Chwile grozy Roberta Kubicy. "Wypchnął mnie z toru!"

Zdjęcie okładkowe artykułu: Twitter / Na zdjęciu: Robert Kubica i Sebastian Vettel
Twitter / Na zdjęciu: Robert Kubica i Sebastian Vettel
zdjęcie autora artykułu

Robert Kubica pojechał bezbłędny wyścig F1 o GP Holandii. Polak miał jednak swój "moment", gdy na ostatnich okrążeniach za wszelką cenę próbował go wyprzedzić Sebastian Vettel. - Wypchnął mnie z toru! - raportował Kubica przez radio.

Robert Kubica ma za sobą wyczerpujący wyścig Formuły 1 o GP Holandii. Polak uniknął w nim najmniejszego błędu, co pozwoliło mu dojechać do mety na 15. pozycji, po tym jak w samej końcówce rezerwowy Alfy Romeo wyprzedził obu kierowców Williamsa - George'a Russella i Nicholasa Latifiego.

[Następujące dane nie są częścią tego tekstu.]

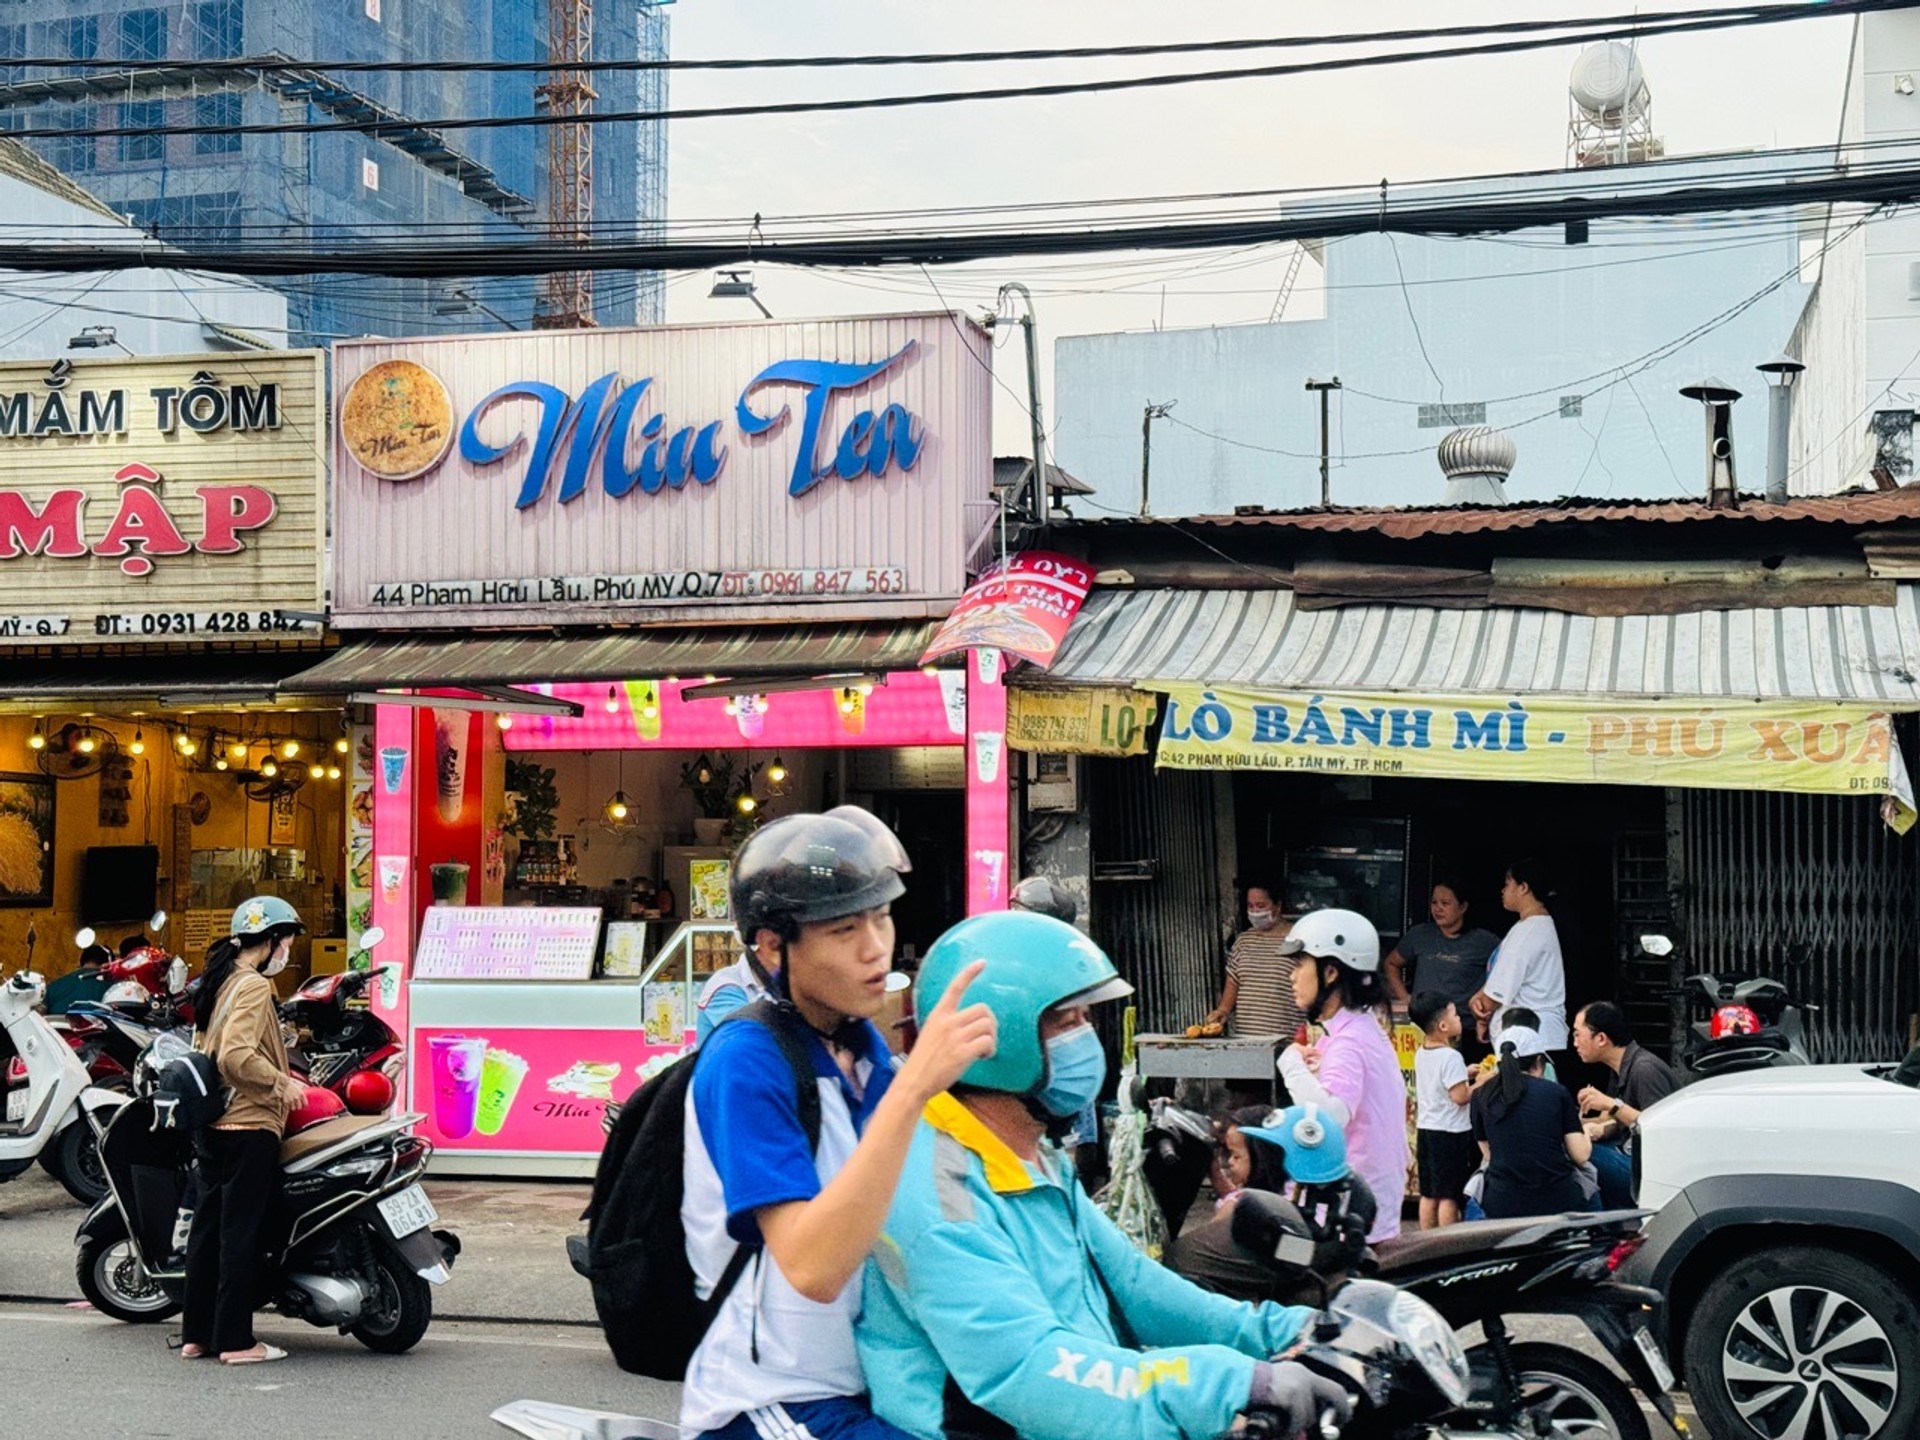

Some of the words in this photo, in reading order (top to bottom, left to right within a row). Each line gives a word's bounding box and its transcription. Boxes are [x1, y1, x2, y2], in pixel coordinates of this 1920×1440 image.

[150, 370, 281, 433] TÔM
[459, 371, 728, 511] Miu
[736, 339, 925, 499] Ten
[0, 462, 275, 576] MẬP
[372, 584, 404, 606] 44
[594, 577, 635, 601] Phú
[760, 571, 803, 595] 0961
[814, 570, 853, 595] 847
[865, 569, 903, 594] 563
[1018, 595, 1070, 620] MINI
[141, 613, 195, 633] 0931
[206, 612, 250, 632] 428
[1163, 692, 1234, 742] LÒ
[1252, 695, 1434, 749] BÁNH
[1452, 700, 1529, 752] MÌ
[1586, 707, 1727, 758] PHÚ
[1171, 753, 1185, 765] 42
[1285, 756, 1294, 768] P.
[1299, 755, 1323, 769] TÂN
[1374, 759, 1403, 771] HCM

Występ Kubicy w GP Holandii mógł zakończyć się jednak przedwcześnie, po tym jak ostry manewr przeprowadził na nim Sebastian Vettel. Chociaż wyprzedzanie na torze w Zandvoort nie należy do łatwych, bo nitka wyścigowa jest bardzo wąska, to reprezentant Aston Martina podjął się próby ataku.

Kubica został zaatakowany w taki sposób, że niemal wypadł na pobocze. - Wypchnął mnie z toru! Zobaczcie to sobie na powtórkach - zgłosił od razu Polak przez radio swojemu inżynierowi. - Przyjęliśmy. Zgłosimy to dyrekcji wyścigu - usłyszał w odpowiedzi kierowca Alfy Romeo.

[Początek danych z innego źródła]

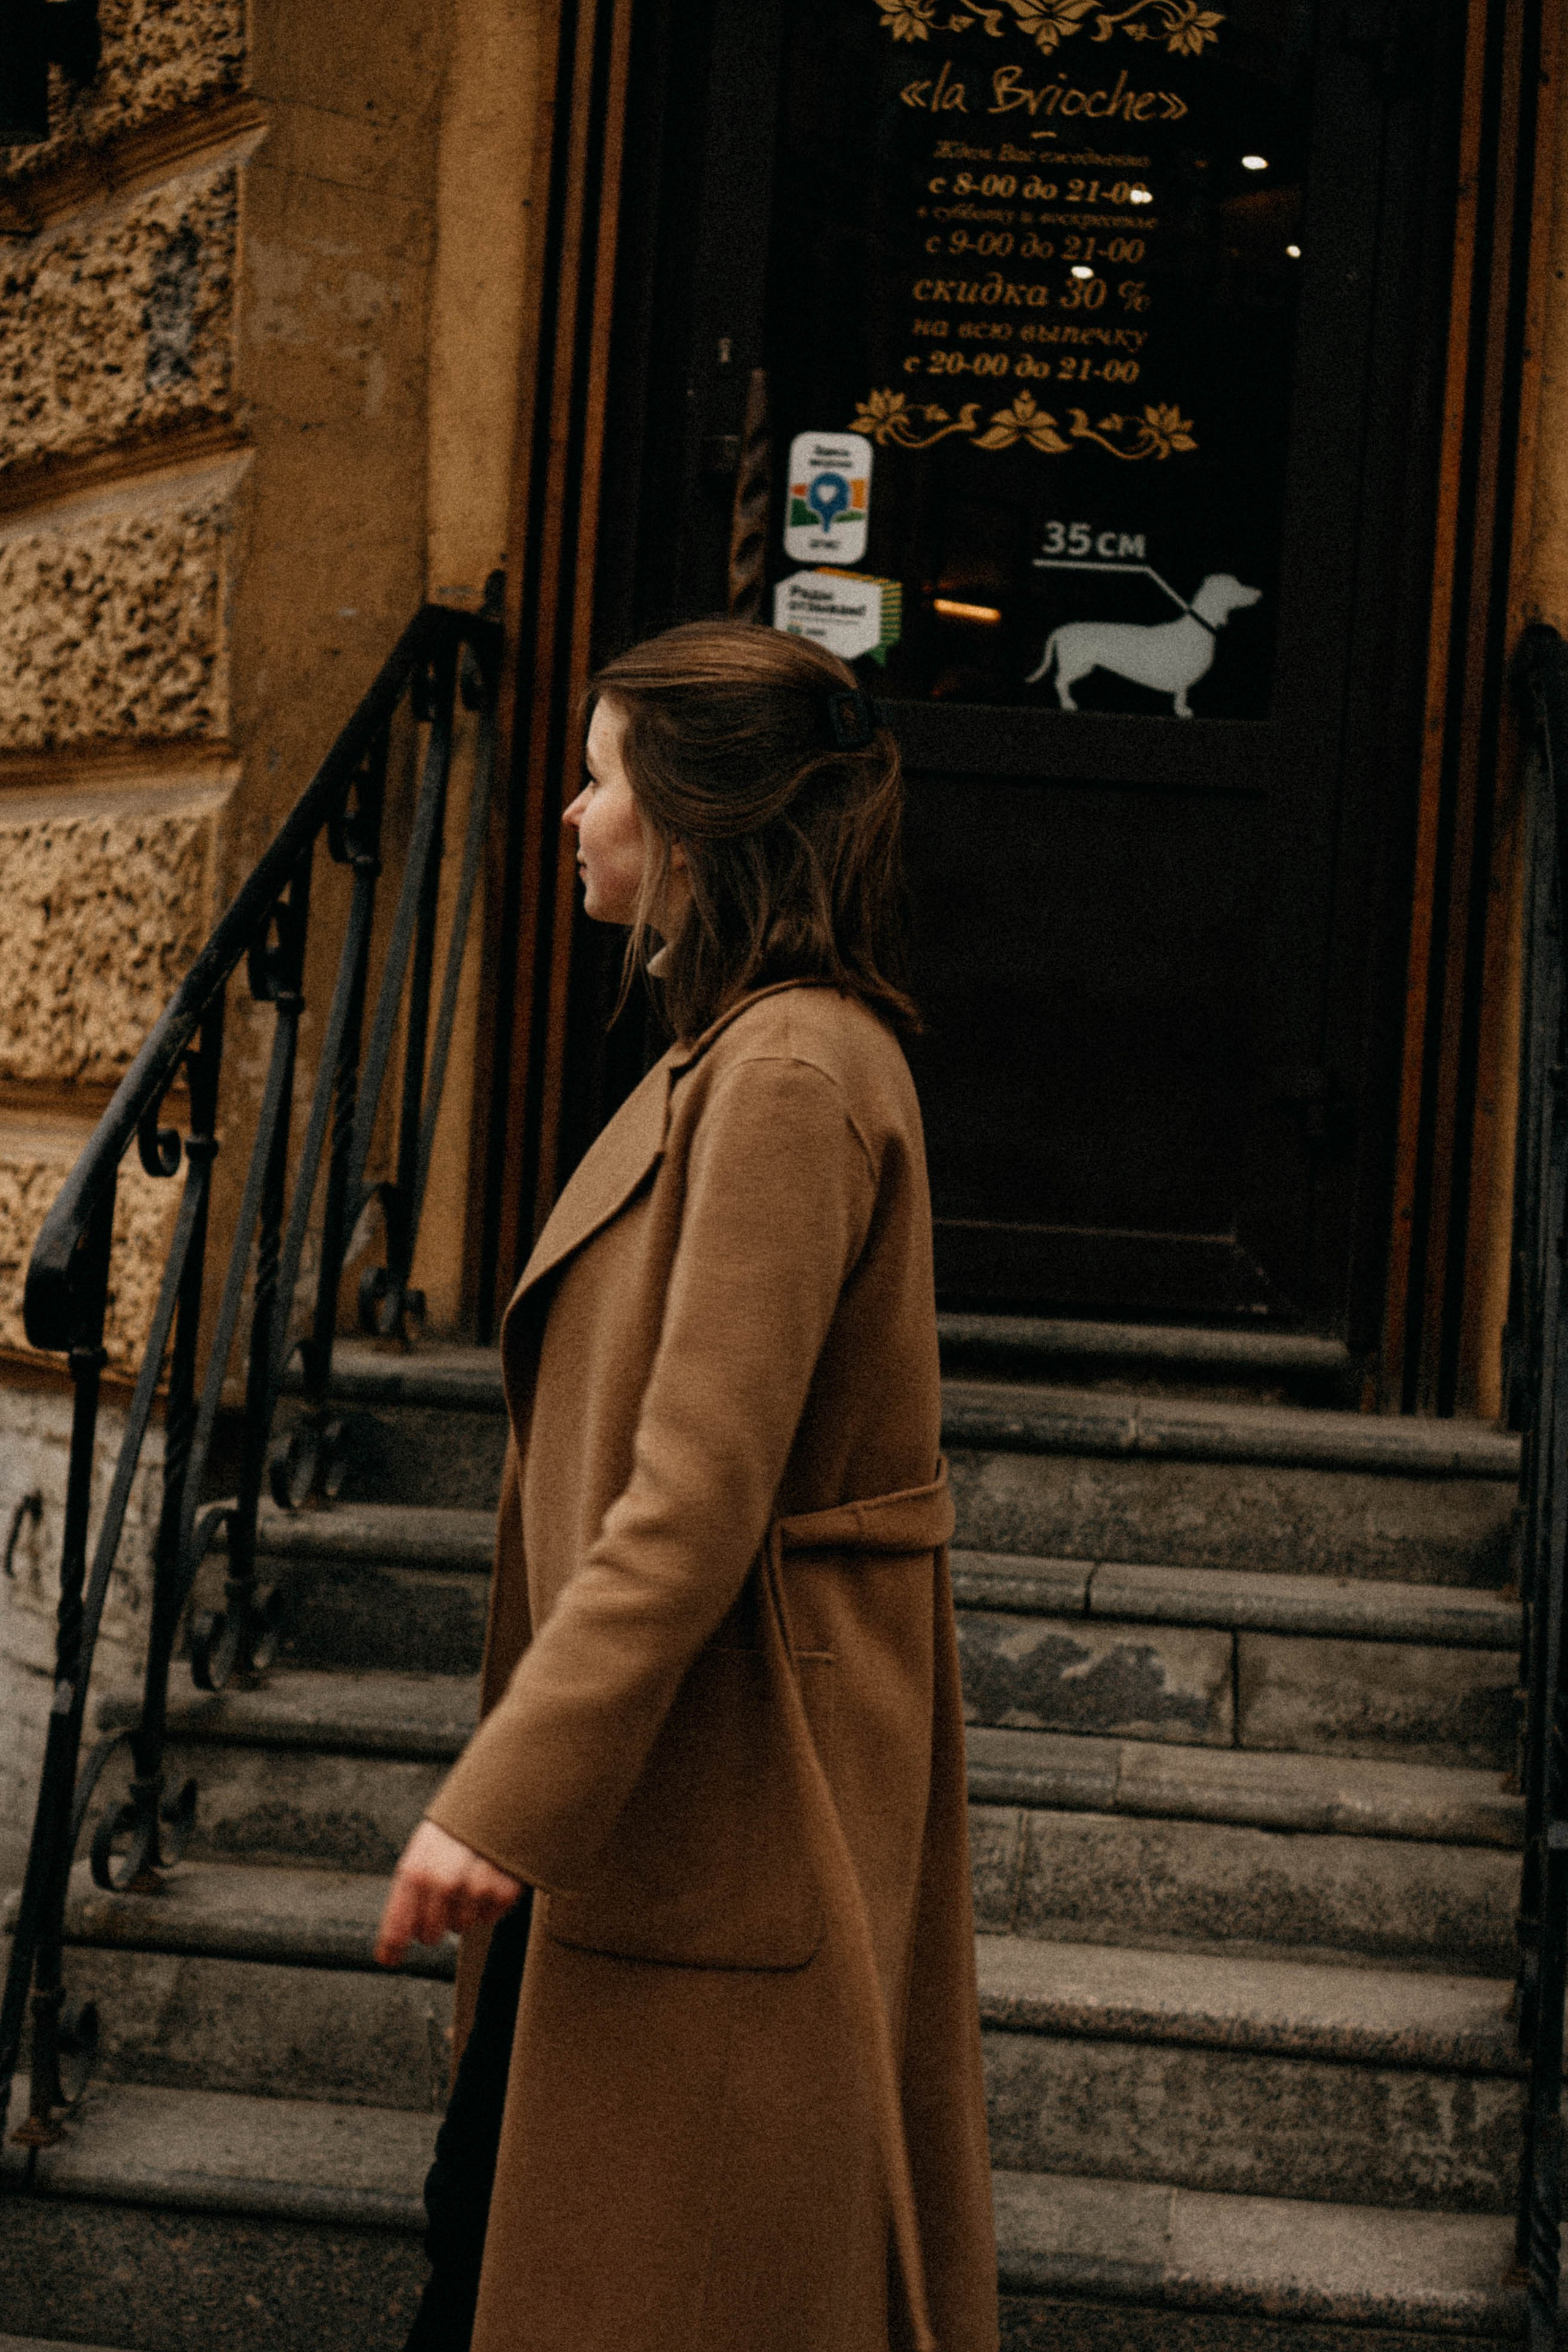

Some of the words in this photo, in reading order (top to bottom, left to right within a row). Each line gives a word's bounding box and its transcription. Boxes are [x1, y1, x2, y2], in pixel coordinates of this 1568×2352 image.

Aż do momentu zakończenia wyścigu F1 o GP Holandii nie otrzymaliśmy jednak informacji, jakoby sędziowie zajęli się incydentem pomiędzy Kubicą a Vettelem. Wszystko wskazuje na to, że potraktowano to jako incydent wyścigowy i niemiecki kierowca uniknie konsekwencji.

Vettel ostatecznie został sklasyfikowany na 13. miejscu, bo w końcówce GP Holandii zdołał wyprzedzić drugiego z kierowców Alfy Romeo - Antonio Giovinazziego.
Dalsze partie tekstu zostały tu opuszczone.